Невозможно спать, когда так чудно-хорошо.
Подлый, слабый, недостойный человек! Недостойный последней из моих мыслей!
Французы, конечно, будут в бешенстве. Пусть успокоятся. Я ценю и люблю их более, чем какую-либо другую нацию, но я должна признать, что их дворцы никогда не достигнут мощного, великолепного и грандиозного величия итальянских дворцов, особенно римских и флорентийских.
Мы взяли стул с носильщиком и мама, и я, по очереди отдыхали на нем.

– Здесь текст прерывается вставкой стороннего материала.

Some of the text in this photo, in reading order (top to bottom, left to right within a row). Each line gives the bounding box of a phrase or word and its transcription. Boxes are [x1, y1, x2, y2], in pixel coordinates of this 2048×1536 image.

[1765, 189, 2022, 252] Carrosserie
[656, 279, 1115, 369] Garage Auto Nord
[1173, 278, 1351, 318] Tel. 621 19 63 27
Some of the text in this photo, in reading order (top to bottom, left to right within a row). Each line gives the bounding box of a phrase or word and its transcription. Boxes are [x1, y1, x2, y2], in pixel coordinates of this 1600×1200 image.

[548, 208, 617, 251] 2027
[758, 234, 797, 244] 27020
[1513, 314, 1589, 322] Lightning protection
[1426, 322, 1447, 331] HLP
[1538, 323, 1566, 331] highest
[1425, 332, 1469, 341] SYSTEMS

Скелеты — ужасны: эти несчастные застыли в самых раздирательных позах. Я смотрела на остатки домов, на фрески, я старалась мысленно восстановить все, это, я населяла в своем воображении все эти дома и улицы…
Что за ужасная сила, эта стихия, поглотившая целый город.

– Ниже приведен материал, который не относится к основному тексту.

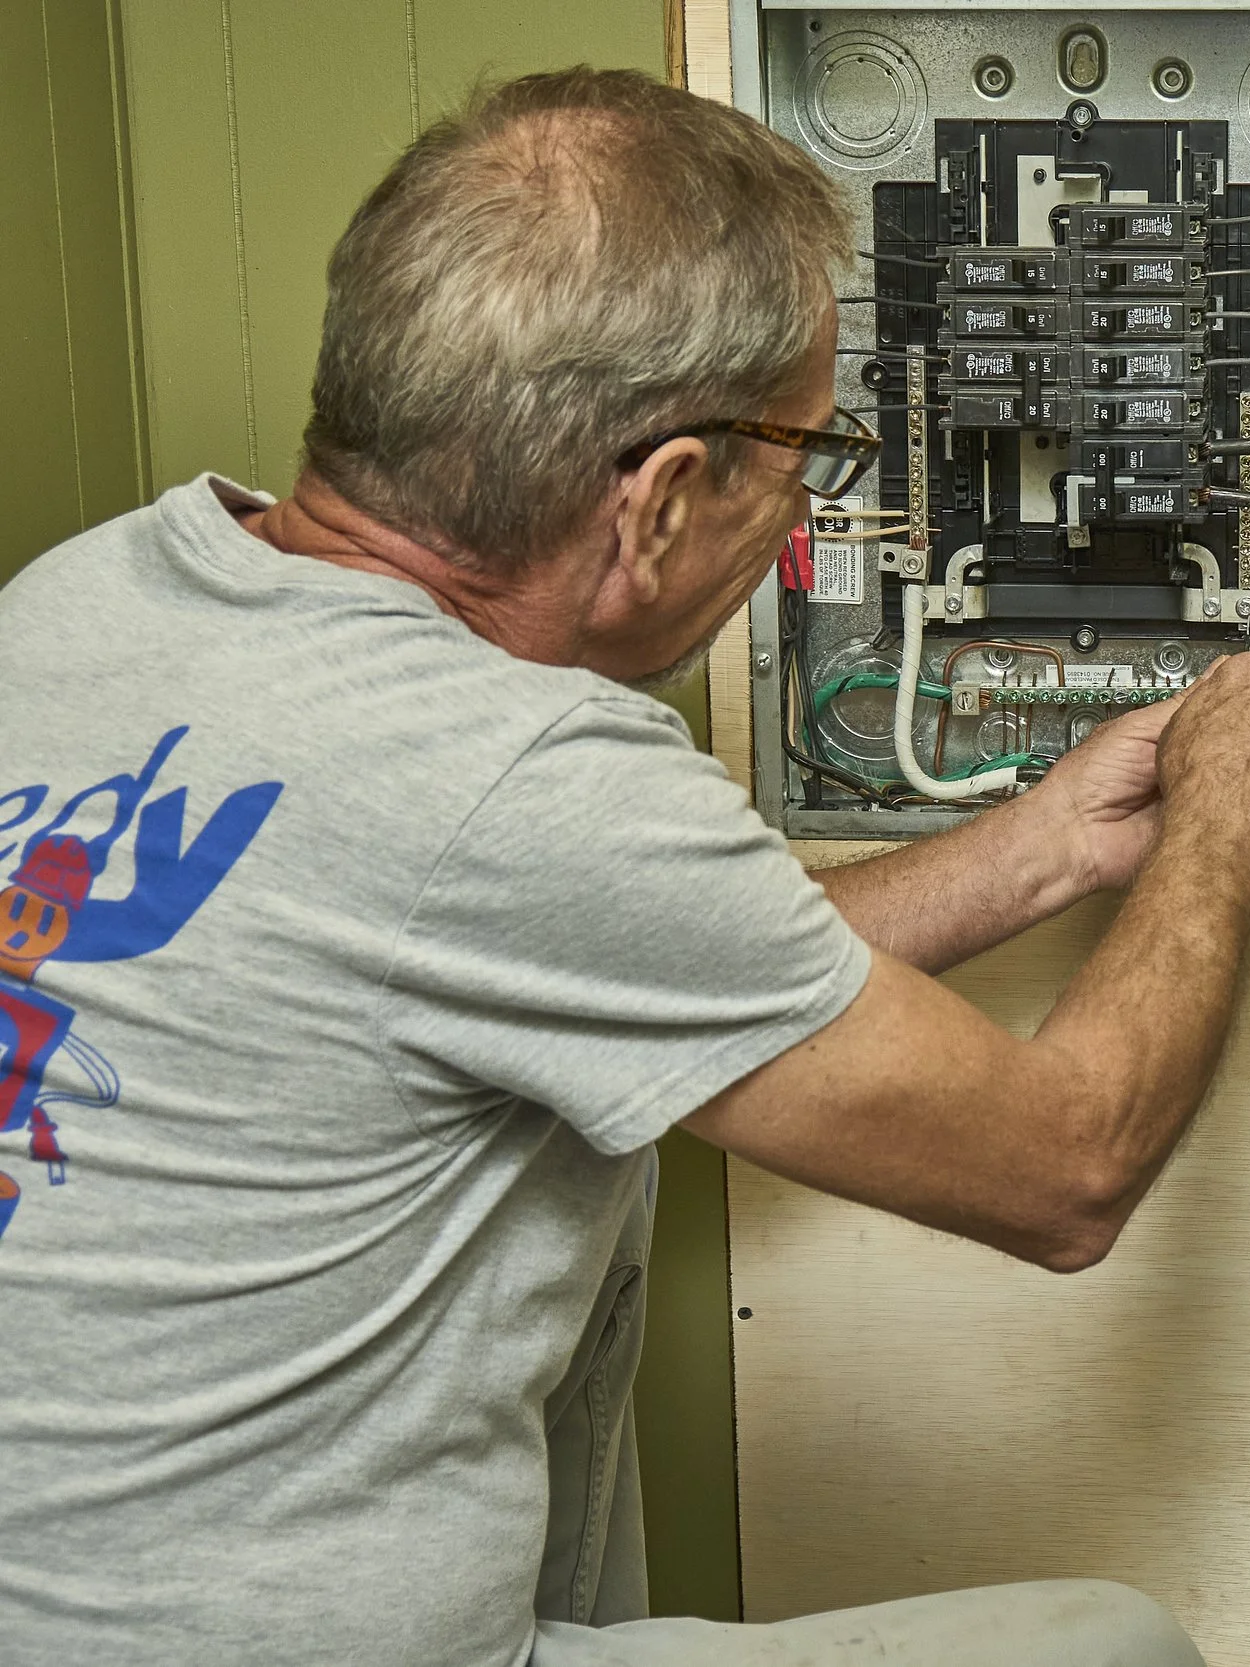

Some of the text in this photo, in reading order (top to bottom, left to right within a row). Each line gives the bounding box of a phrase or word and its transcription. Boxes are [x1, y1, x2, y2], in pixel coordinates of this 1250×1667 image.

[1028, 269, 1035, 277] 15
[1028, 315, 1035, 323] 15
[1100, 317, 1107, 327] 20
[1029, 361, 1036, 371] 20
[1100, 363, 1107, 373] 20
[1029, 405, 1036, 416] 20
[1101, 409, 1107, 419] 20
[838, 549, 842, 557] TO
[819, 566, 823, 574] OF

Я слышала, как мама говорила о замужестве.
— Женщина создана для страдания, — говорила она, — даже с лучшим из мужей.
— Женщина до замужества, — говорю я, — это Помпея до извержения, а женщина после замужества — Помпея после извержения.
Быть может я права!
Я очень утомлена, взволнована, огорчена. Мы возвращаемся только к восьми часам.
У Пиетро и без меня есть кружок, свет, друзья, словом, — все, кроме меня, а у меня без Пиетро — ничего нет.
Я для него только развлечение, роскошь. Он был для меня всем. Он заставлял меня развлекаться от моих мыслей — играть какую-нибудь роль в мире, и я только и думала, только и занималась, что им, бесконечно довольная, что могу избавиться от своих мыслей.
Чем бы я ни сделалась, я завещаю свой журнал публике. Все книги, которые читаются — только измышления, положения в них — натянуты, характеры — фальшивы. Тогда как это — фотография целой жизни. Но, скажете вы — эта фотография скучна, тогда как измышления — интересны. Если вы говорите это, вы даете мне далеко не лестное понятие о вашем уме. Я представляю вам здесь нечто невиданное. Все мемуары, все журналы, все опубликованные письма, — только подкрашенные измышления, предназначенные к тому, чтобы вводить в заблуждение публику. Мне же нет никакой выгоды лгать. Мне не надо ни прикрывать какого-нибудь политического акта, ни утаивать какого-нибудь преступного деяния. Никто не заботится о том, люблю ли я, или не люблю, плачу или смеюсь. Моя величайшая забота состоит только в том, чтобы выражаться как можно точнее.
Однако я открыла тетрадь вовсе не для того, чтобы распространяться обо всем этом, я хотела сказать, что еще нет полудня, а я предаюсь, более чем когда либо, своим мучительным мыслям, что мне теснит грудь и мне хотелось бы просто… рычать. Впрочем — это мое обычное состояние.